Lupin estuvo de acuerdo, sacó su varita e hizo un corte a lo largo de su brazo mientras preguntaba:
—La Akardos, ¿éstas completamente seguro que se encuentra a salvo en la Mansión Malfoy? ¿No crees que sería más sensato llevarla a Hogwarts?
Snape entrecerró los ojos.
—Estoy siguiendo órdenes, Lupin. No sé cómo esperas que haga eso. ¿En base a qué?
—¡Su seguridad!
—Su... seguridad. —repitió Snape arrastrando las palabras. Su indignación burbujeando bajo su máscara de indiferencia. —Ya te he dicho que he tomado todas las precauciones necesarias.
—Pero...
—¿Has visto a Tonks últimamente, por casualidad? —preguntó Snape maliciosamente mientras recolectaba algunos tubos de ensayo de la sangre que fluía.
Lupin abrió los ojos, sorprendido de escuchar esa pregunta proveniente de Snape. ¿Desde cuándo estaba interesado en su vida personal?
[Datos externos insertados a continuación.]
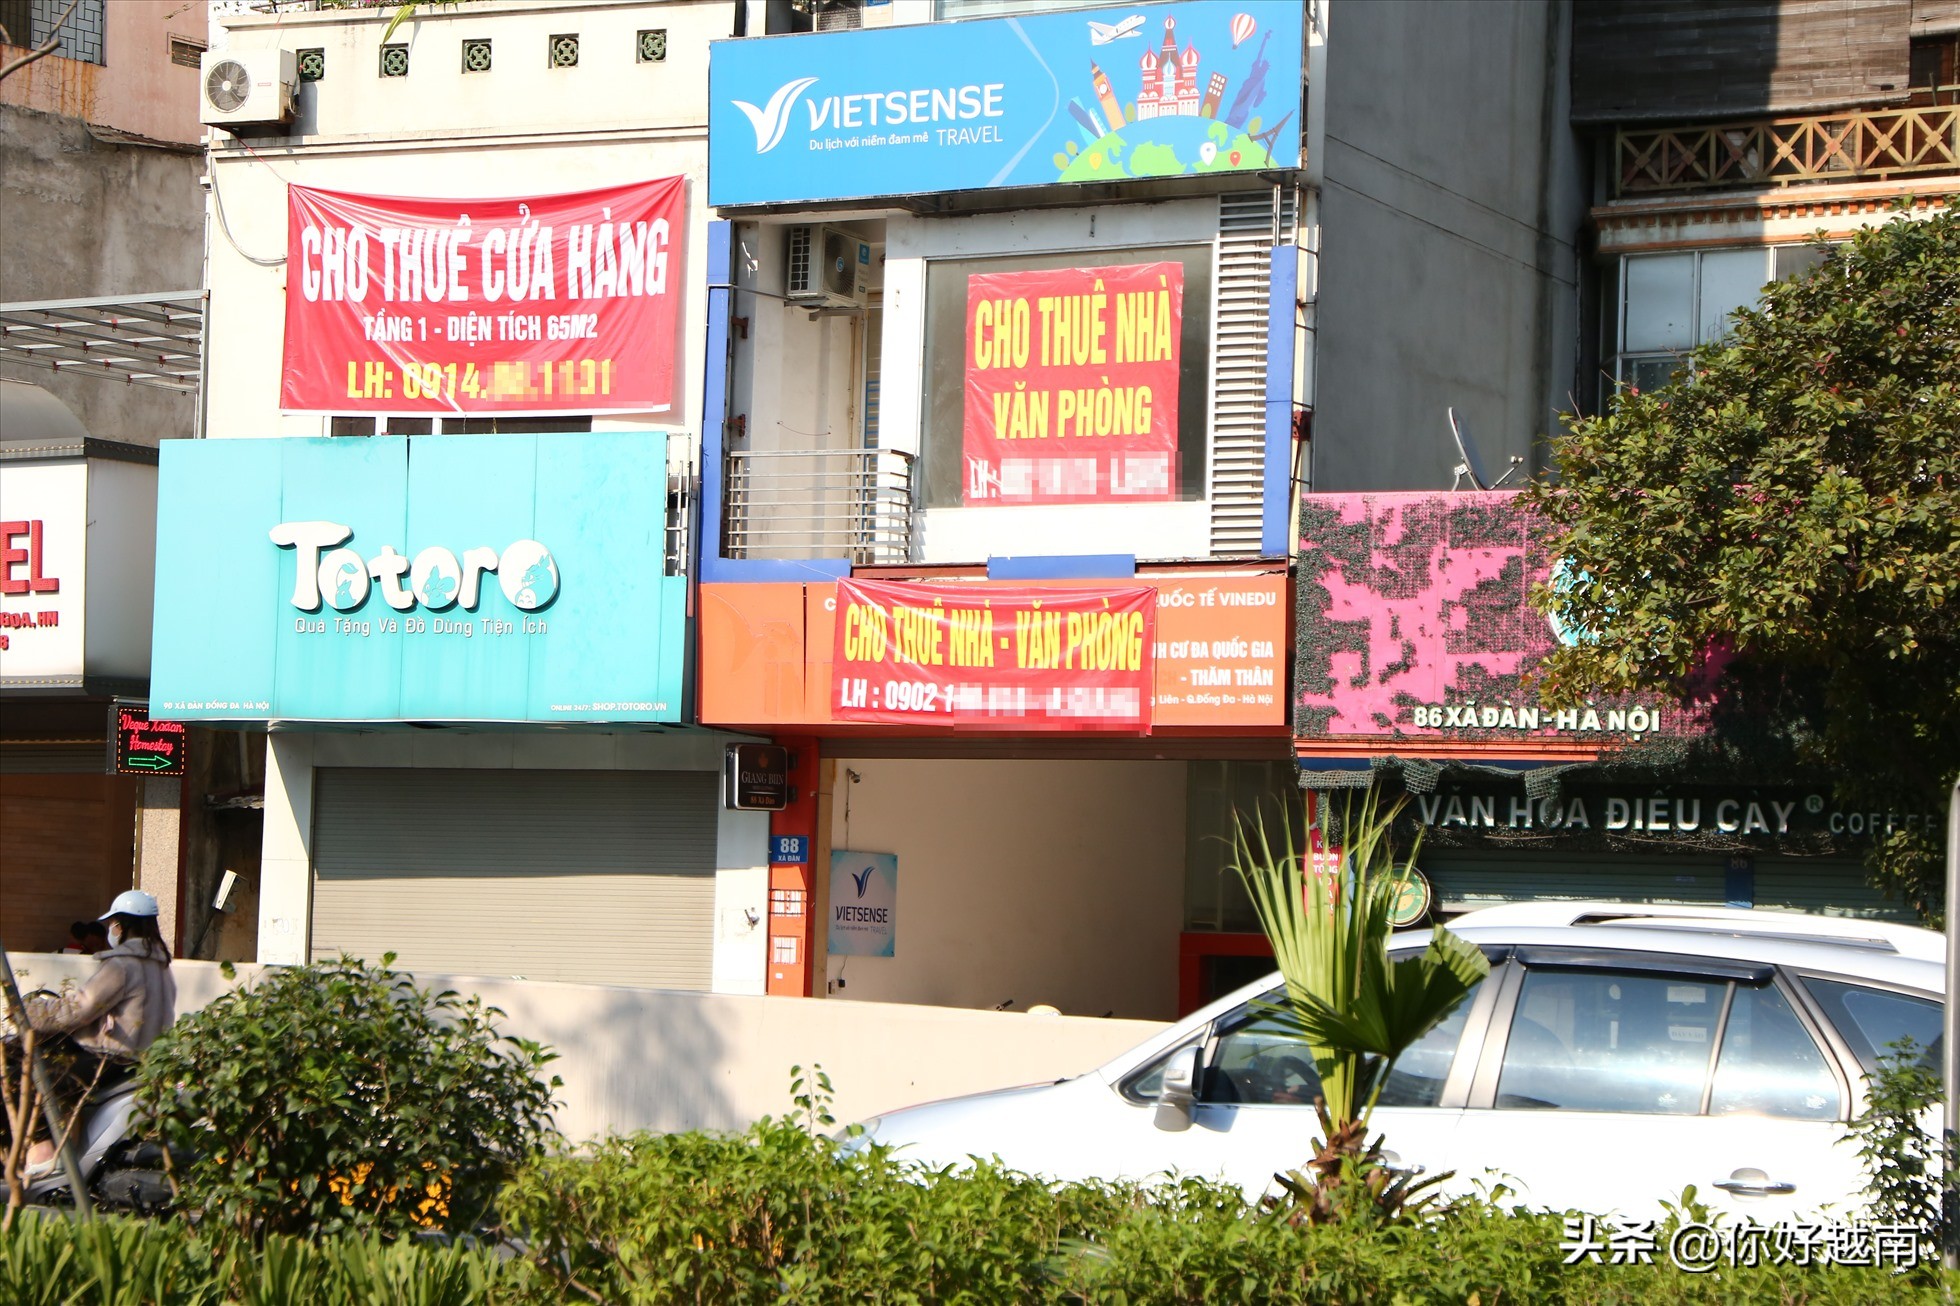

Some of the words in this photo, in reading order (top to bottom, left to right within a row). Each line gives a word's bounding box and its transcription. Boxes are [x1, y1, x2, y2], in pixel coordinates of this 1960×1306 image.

[806, 84, 1004, 132] VIETSENSE
[810, 140, 823, 150] Du
[826, 138, 842, 151] lịch
[844, 136, 859, 148] với
[889, 133, 910, 144] đam
[913, 132, 928, 143] mê
[936, 126, 1003, 146] TRAVEL
[301, 225, 368, 302] CHO
[379, 214, 473, 302] THUÊ
[482, 203, 556, 302] CỬA
[568, 207, 669, 300] HÀNG
[364, 308, 412, 341] TẦNG
[419, 317, 427, 340] 1
[448, 311, 491, 346] DIỆN
[498, 310, 541, 340] TÍCH
[547, 313, 598, 340] 65M2
[975, 298, 1030, 370] CHO
[1038, 279, 1106, 367] THUÊ
[1116, 275, 1172, 363] NHÀ
[347, 361, 393, 398] LH:
[994, 381, 1049, 439] VĂN
[1057, 376, 1152, 437] PHÒNG
[268, 520, 560, 611] Totoro
[1156, 588, 1195, 608] UỐC
[1199, 587, 1218, 607] TẾ
[1219, 592, 1276, 607] VINEDU
[37, 611, 58, 628] HN
[295, 617, 326, 633] Quà
[334, 617, 370, 637] Tặng
[378, 617, 398, 633] Và
[405, 616, 426, 633] Đồ
[433, 617, 473, 637] Dùng
[481, 617, 513, 635] Tiện
[522, 615, 547, 634] Ích
[845, 603, 888, 663] CHO
[892, 598, 945, 666] THUÊ
[950, 599, 994, 668] NHÀ
[1016, 599, 1061, 669] VĂN
[1066, 598, 1143, 672] PHÒNG
[1191, 641, 1209, 659] ĐA
[1212, 635, 1249, 660] QUỐC
[1251, 641, 1274, 659] GIA
[1190, 665, 1231, 686] THĂM
[1234, 665, 1273, 686] THÂN
[243, 700, 254, 709] HÀ
[256, 700, 270, 711] NỘI
[592, 702, 667, 711] SHOP.TOTORO.VN
[841, 678, 867, 708] LH
[885, 681, 936, 712] 0902
[1159, 694, 1179, 704] Liên
[1243, 694, 1255, 704] Hà
[1258, 694, 1273, 706] Nội
[1608, 706, 1660, 741] NỘI
[129, 733, 173, 756] Homestay
[741, 771, 767, 784] GIANG
[1418, 785, 1495, 828] VĂN
[1605, 785, 1700, 832] ĐIẾU
[780, 838, 799, 853] 88
[836, 906, 888, 923] VIETSENSE
—Yo... no. No la he visto.
—Su Patronus cambió —continuó Snape sin mirarlo. —Es un lobo ahora. Supongo que por eso has decidido venir y esconderte en medio de la nada.
—No me escondo —dijo Lupin avergonzado. —Dumbledore me ha enviado a una misión...
—Claro... entonces me pregunto, por qué la pobrecilla Nymphadora luce como un desastre andante. ¿Un amor no correspondido, tal vez? —Su voz era baja, aderezada con un delicado tono mordaz. —Siempre has sido un cobarde, Lupin. Desde que eras un cachorro en el colegio, escondiéndote detrás de tus amigos, detrás de Dumbledore. Te aconsejo que esta vez te encargues de tus propios problemas y apartes el hocico de lo que no te concierne.
Lupin abrió la boca para responder, pero entonces Snape se puso de pie.
—Gracias por las muestras. Sabré dónde encontrarte si te necesito.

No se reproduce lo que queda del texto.